Duane: This is an interesting question, because I am not sure I can pinpoint a single book that made me fall in love with literature, but I can pinpoint certain books that made me fall in love with certainkinds of literature. Essex County made me fall in love with graphic novels that weren’t about superheroes. Oliver Jeffers’ The Heart and The Bottle made me fall in love with kids books. Each opened my eyes to the possibilities those formats can do in terms of pushing on the heart and emotion of a story.

YEM: Were your characters inspired by any people in your real life?

Duane: Not directly. I definitely have pulled bits and pieces of my life and my experiences, both for Dylan and the other characters.

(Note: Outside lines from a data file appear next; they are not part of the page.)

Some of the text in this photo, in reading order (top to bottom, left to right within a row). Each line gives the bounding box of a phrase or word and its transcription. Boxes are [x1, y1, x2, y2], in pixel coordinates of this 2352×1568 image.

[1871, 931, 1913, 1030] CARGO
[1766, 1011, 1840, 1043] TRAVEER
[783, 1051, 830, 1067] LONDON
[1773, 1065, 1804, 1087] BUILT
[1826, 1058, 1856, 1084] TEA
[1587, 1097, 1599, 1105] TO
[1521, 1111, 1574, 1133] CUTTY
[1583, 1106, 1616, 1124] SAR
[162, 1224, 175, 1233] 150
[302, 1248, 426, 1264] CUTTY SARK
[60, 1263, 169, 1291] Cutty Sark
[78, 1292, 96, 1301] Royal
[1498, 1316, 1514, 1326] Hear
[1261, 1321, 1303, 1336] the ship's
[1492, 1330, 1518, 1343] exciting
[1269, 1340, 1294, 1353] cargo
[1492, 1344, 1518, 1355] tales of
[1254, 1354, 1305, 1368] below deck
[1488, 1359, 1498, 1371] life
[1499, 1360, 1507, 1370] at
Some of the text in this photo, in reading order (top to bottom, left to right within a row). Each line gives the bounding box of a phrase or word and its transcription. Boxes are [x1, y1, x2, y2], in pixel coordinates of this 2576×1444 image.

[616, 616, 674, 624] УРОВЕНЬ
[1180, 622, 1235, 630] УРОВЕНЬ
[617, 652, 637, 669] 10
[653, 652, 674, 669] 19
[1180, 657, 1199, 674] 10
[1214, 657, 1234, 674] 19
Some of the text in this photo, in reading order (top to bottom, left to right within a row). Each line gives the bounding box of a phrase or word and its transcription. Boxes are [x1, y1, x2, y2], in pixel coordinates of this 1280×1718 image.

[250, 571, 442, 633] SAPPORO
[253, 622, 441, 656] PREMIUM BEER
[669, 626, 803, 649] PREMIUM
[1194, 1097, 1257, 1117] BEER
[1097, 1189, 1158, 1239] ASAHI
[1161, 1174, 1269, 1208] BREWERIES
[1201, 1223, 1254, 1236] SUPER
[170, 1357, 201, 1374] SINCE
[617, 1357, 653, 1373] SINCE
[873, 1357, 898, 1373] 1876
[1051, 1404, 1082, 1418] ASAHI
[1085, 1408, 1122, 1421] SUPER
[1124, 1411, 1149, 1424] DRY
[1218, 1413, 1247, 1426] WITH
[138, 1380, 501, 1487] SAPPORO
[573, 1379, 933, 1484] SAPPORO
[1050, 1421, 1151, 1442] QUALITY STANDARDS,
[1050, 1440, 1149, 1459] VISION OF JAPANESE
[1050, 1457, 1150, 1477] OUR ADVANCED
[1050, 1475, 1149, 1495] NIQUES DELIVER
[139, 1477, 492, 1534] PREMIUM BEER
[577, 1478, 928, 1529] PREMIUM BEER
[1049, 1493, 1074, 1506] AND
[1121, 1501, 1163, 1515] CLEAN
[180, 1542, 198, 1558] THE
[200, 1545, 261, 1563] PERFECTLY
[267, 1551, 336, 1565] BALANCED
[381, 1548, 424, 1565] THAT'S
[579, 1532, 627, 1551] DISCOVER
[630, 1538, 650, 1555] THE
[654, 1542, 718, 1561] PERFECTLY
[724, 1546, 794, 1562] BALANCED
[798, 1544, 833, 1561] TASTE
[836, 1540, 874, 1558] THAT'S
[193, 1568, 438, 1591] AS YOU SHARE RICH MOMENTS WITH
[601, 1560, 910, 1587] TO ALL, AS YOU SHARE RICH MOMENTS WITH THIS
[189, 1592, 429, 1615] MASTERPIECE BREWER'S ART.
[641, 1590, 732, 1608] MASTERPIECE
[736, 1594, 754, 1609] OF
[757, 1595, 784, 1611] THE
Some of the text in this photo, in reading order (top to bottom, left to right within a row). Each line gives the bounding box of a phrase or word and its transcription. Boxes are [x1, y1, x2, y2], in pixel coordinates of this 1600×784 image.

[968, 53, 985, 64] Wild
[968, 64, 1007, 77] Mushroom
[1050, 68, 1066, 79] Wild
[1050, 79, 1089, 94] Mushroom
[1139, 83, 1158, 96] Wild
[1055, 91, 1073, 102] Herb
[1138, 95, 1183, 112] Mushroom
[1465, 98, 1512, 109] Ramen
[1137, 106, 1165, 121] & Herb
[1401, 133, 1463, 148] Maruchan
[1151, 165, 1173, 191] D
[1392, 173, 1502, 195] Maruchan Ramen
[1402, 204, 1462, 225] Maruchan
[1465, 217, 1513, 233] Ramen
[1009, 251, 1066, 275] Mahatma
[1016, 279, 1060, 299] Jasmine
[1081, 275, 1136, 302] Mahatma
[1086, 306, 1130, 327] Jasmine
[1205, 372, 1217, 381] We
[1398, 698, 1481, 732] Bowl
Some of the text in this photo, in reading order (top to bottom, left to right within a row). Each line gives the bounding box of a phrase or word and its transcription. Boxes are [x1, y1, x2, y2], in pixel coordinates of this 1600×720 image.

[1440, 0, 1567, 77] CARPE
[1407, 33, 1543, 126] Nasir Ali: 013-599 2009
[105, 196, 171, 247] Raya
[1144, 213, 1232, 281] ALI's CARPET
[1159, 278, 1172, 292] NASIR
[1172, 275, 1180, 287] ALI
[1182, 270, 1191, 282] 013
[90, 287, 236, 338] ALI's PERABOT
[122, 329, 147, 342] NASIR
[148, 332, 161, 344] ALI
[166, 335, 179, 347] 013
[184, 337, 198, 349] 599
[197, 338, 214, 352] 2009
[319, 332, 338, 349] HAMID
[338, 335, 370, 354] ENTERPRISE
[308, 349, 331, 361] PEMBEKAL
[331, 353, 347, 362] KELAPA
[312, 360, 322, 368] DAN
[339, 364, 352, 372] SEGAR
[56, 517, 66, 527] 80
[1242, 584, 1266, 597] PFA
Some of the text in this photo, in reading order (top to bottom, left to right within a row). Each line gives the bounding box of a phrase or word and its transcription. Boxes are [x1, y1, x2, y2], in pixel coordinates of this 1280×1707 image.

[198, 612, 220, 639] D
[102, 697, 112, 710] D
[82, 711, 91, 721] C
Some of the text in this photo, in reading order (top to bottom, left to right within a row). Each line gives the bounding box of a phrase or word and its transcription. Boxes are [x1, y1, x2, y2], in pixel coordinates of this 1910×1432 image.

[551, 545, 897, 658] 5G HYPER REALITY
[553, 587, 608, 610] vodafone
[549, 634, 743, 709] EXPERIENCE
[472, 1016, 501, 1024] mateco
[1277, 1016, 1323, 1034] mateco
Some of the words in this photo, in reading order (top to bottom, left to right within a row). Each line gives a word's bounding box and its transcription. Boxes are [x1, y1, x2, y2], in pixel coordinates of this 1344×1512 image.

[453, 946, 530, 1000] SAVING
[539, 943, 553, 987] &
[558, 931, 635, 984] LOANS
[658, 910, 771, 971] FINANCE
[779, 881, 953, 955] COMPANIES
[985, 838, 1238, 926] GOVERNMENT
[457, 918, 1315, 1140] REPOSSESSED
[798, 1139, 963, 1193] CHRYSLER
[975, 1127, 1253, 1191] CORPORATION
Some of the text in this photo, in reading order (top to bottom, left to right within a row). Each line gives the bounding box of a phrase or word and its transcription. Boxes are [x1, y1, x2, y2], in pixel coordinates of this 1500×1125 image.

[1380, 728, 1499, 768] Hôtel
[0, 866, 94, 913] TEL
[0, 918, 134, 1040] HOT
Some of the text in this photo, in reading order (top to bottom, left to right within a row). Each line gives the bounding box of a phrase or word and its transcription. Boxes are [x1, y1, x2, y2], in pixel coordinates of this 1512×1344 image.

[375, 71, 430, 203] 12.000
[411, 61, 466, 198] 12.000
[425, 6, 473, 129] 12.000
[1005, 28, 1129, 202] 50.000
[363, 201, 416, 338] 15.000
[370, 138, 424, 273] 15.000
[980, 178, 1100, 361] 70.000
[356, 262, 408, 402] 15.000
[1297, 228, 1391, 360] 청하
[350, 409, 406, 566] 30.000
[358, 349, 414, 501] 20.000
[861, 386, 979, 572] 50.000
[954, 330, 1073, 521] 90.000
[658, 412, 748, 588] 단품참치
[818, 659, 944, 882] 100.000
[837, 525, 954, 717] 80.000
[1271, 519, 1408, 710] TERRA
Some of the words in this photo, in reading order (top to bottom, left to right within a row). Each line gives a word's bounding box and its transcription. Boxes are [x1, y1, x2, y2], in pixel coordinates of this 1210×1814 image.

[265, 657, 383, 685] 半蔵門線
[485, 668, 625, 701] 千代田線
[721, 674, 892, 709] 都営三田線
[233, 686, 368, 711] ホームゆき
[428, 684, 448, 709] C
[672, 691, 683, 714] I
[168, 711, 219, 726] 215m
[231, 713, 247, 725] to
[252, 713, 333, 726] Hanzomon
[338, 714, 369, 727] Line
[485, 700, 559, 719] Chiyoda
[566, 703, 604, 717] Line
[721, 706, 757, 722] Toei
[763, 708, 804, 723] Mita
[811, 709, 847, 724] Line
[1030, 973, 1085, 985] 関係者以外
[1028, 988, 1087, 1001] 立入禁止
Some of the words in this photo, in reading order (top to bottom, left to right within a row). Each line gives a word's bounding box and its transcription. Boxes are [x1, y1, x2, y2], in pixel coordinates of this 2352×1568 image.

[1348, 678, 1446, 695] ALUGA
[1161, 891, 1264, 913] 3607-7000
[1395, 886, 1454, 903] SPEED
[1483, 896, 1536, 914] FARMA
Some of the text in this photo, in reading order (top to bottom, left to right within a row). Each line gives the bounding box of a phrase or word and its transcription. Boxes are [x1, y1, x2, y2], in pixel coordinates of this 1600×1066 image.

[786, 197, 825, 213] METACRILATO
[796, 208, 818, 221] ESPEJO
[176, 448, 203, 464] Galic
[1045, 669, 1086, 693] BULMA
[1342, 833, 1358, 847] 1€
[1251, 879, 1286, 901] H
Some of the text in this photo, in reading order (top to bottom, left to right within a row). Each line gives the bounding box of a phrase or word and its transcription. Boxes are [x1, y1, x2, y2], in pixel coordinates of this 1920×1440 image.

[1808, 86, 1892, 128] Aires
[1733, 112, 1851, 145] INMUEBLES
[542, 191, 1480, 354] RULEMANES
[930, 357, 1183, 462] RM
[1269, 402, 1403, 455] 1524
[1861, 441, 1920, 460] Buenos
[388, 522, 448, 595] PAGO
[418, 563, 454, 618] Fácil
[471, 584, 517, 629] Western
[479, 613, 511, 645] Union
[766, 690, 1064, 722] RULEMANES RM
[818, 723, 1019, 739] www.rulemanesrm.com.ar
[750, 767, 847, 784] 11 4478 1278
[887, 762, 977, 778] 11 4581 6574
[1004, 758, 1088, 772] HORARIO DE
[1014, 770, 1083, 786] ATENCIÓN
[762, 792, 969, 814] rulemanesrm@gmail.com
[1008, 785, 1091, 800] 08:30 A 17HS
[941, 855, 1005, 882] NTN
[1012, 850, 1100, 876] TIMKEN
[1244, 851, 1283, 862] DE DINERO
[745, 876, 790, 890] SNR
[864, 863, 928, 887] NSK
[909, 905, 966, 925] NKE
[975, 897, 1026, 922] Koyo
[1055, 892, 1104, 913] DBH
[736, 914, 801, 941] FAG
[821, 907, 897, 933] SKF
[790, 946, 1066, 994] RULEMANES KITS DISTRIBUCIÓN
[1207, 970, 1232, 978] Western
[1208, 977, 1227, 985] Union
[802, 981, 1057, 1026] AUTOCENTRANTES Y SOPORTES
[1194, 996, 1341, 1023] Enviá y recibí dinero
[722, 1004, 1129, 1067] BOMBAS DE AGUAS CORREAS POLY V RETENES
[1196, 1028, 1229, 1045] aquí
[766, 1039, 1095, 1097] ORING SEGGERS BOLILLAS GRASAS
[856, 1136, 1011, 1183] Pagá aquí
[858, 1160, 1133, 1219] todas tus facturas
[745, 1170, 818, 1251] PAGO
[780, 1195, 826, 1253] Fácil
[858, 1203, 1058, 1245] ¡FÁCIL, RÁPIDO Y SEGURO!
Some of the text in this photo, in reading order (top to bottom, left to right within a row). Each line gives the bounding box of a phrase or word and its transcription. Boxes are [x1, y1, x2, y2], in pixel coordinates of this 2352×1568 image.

I think most writers do, but none of the characters really reflect anyone in my life in any real recognizable way. My Grandfather had Alzheimer’s, so that is in there, but mostly it’s just bits and pieces of my imagination, with a dash of real life inspiration to ground it.

YEM: Are you planning on writing any more graphic novels in the future?

Duane: After making this graphic novel, I fell in love with both the process of making a graphic novels as a way to tell a story, and the publishing world. Because of that I have a few stories in mind I want to tell in this way. I’m currently working on my next one, but actually want it to be made as five or six single-issue comic books before it’s eventually collected into a graphic novel. I want to try writing in that format.

YEM: How long did the process of making Better Place take?

Duane: This is an almost impossible question to answer in any sort of concrete way. I mean the very first idea came to me over 20 years ago, but it went different directions back then, and then went away for a long time, but because I get asked this question a lot, I checked out some emails between Shawn and I. I don’t know how long it took me since it was always something brewing inside me, but I wrote (or rewrote from my old story) the first 35 pages of the graphic novel and sent them to Shawn in May of 2017. Shawn was working on other projects, so couldn’t start drawing it right away. I found an email where Shawn had pencilled 25 pages in February of 2019. I sent the “finished” book to Top Shelf in February of 2020. SO that was about a year. From there, they agreed to publish it and it went through an editorial process and a production process, which took more time, and then of course the backlog in the printing world. So like I said, it’s impossible to have any sort of concrete answer. I’m just happy it’s out for the world to read. I feel like, similar to my answer about process, how long a particular book takes (or any creative pursuit) can vary a ton depending on the project. This one seemed to take forever, but once I settled on making a graphic novel, the actual “work” of it was pretty fast. Same for Shawn. Once he settled in on drawing it, he was incredibly fast.